Bu kıymetlendirme, iktidardaki muhafazakâr çevrelerce “mezhep vurgusu” üzerinden getirilen çağdışı münasebetlere de cevap içeriyor.
Aday olarak öne çıkanlardan İstanbul Büyükşehir Belediye Lideri Ekrem İmamoğlu’nun popülaritesini bayram mühletince de gözlemledik. İmamoğlu, “Erdoğan’ın kalesi” olarak nitelenen Doğu Karadeniz’de ağır ilgi gördü. Kendisine, Kürt seçmenin olumlu bakışının kırılması için olmadık suçlamalar yöneltiliyor. Yandaş basının maksat yapması, bir manada İmamoğlu’nun işine geliyor. Kılıçdaroğlu’na “kurumsal hürmetini ve parti terbiyesine uyacağını” net bir formda ortaya koydu. Lakin daima akıllarda olacak.

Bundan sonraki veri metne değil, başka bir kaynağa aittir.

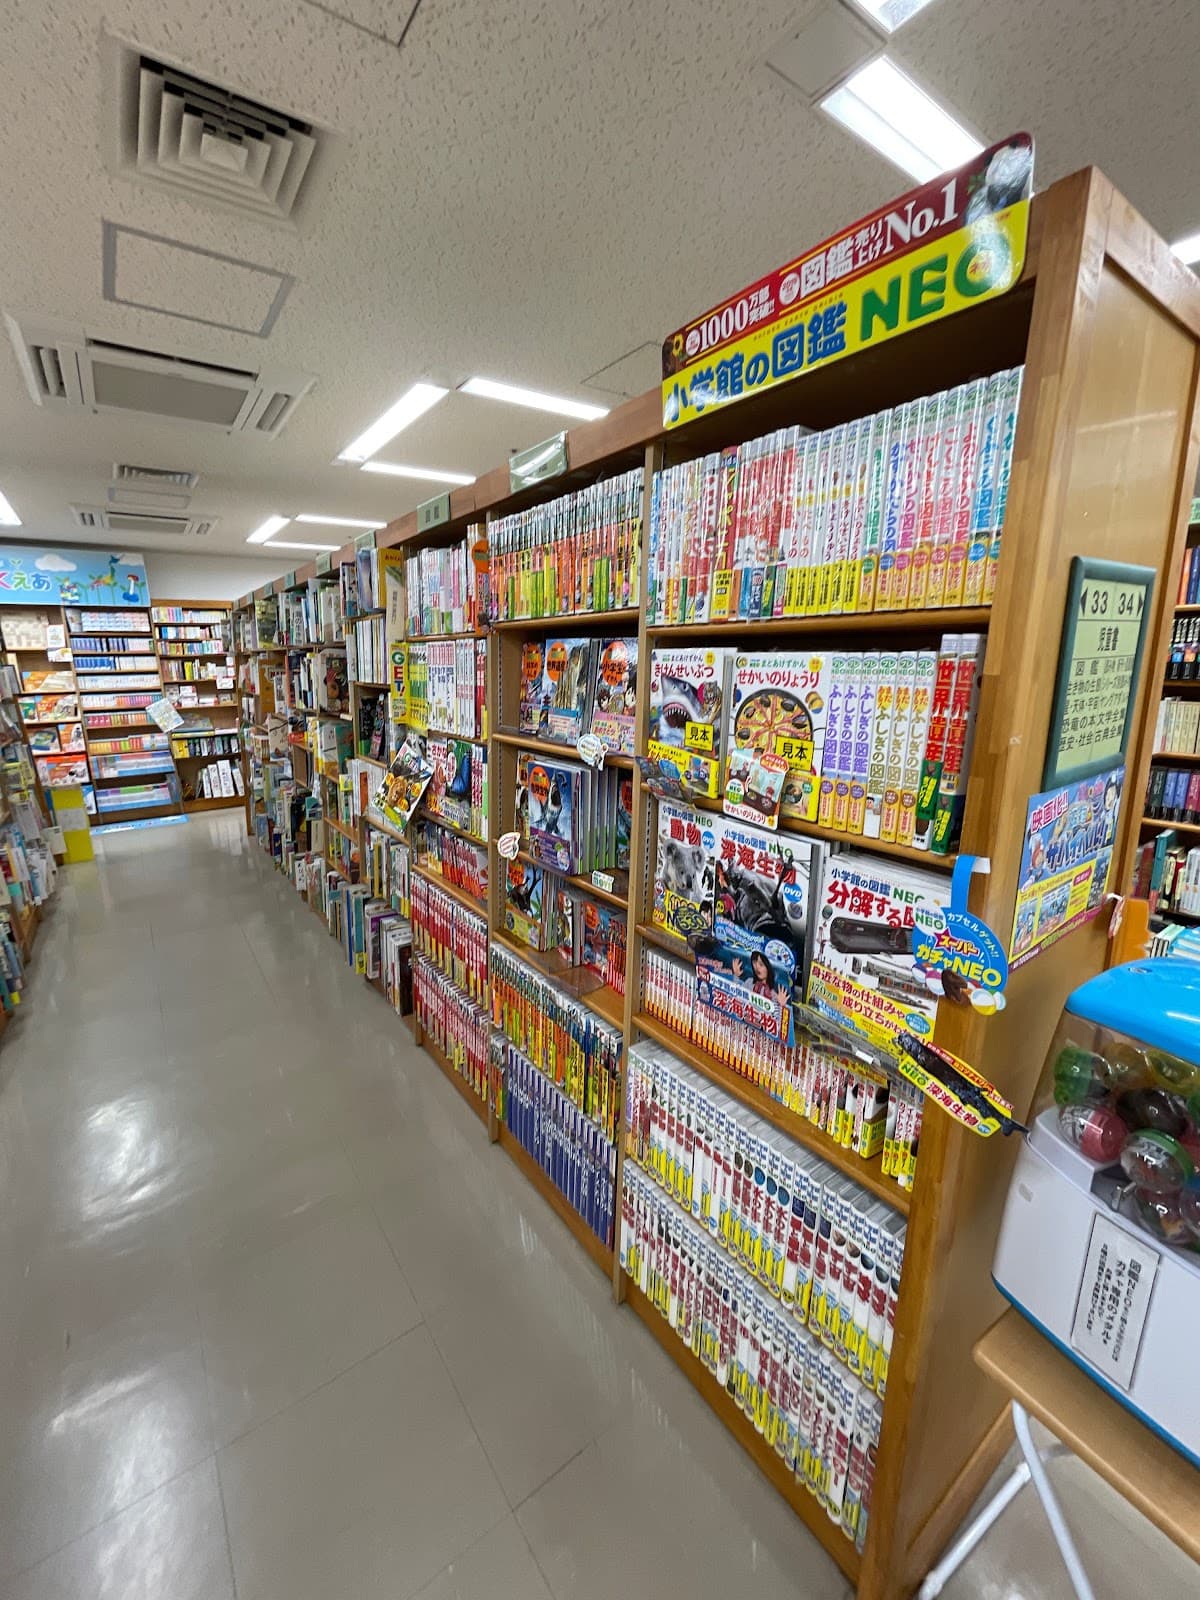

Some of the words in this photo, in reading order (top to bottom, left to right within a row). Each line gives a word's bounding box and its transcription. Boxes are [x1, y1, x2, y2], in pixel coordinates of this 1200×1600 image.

[882, 176, 960, 255] No.1
[801, 236, 853, 299] 図鑑
[664, 301, 848, 423] 小学館の図鑑
[861, 233, 1013, 342] NEO
[700, 298, 749, 354] 1000
[1091, 590, 1109, 615] 33
[1118, 592, 1134, 616] 34
[654, 663, 715, 679] きけんせいぶつ
[738, 668, 820, 688] せかいのりょうり
[823, 684, 842, 769] ふしぎの図鑑
[838, 685, 857, 772] ふしぎの図鑑
[853, 685, 875, 774] ふしぎの図鑑
[925, 660, 957, 761] 世界遺産
[944, 660, 977, 773] 世界遺産
[690, 725, 710, 742] 見本
[782, 741, 808, 762] 見本
[869, 708, 891, 795] ふしぎの図鑑
[662, 805, 694, 823] 小学館の図鑑
[695, 815, 713, 828] NEO
[670, 818, 702, 847] 動物
[720, 837, 797, 886] 深海生物
[724, 828, 767, 851] 小学館の図鑑
[768, 843, 793, 858] NEO
[784, 887, 802, 899] DVD
[831, 868, 891, 896] 小学館の図鑑
[915, 913, 944, 930] NEO
[916, 943, 1002, 987] ガチャNEO
[940, 934, 979, 955] スーパー
[712, 987, 778, 1036] 深海生物
[751, 996, 772, 1011] NEO
[812, 965, 906, 1019] 身近な物の仕組みや
[901, 1063, 927, 1086] NEO
[926, 1080, 979, 1126] 深海生物

Ankara Büyükşehir Belediye Lideri Mansur Yavaş, CHP’nin muhafazakâr-milliyetçi kesitten en çok ilgi gören isim. İsmi üzerinden adaylık konuşulmasını sevmiyor ve istemiyor fakat Anadolu’da her geçen gün ismi daha çok anılır oluyor. Sade hayatı ve çalışma biçimi birçok kesimde karşılık buluyor. Son ana kadar bu tavrı sürecek üzere.
İKTİDAR PARTİZANLIĞI
İki belediye liderinin adaylığını sakin başla yorumlayan birtakım CHP’liler şu değerlendirmeyi yapıyor:
“Ne kadar isabetli şahısların belediyelere aday gösterildikleri ortada. Görüyorsunuz aday sıkıntımız yok. Fakat aday gösterilmeleri durumunda Türkiye’nin birinci iki büyük belediyesinden biri iktidara teslim edilecek. İktidar partizanlığının belediye imkanlarını nasıl kullanacaklarını bir düşünsenize… Devletin maddi zorluklar içinde olduğu bir devirde, iktidara ‘Al seçim devrinde can suyu olarak kullan, her türlü partizanlığı yap’ demek manasına gelmez mi?”
Bu değerlendirmeler şüphesiz yakın bir vakitte karara dönüşecek. Lakin kamuoyu ölçümlerinin şimdi başındayız. Ölçümler netleşmeye, kemikleşmeye başladıktan sonra karar verilecek.”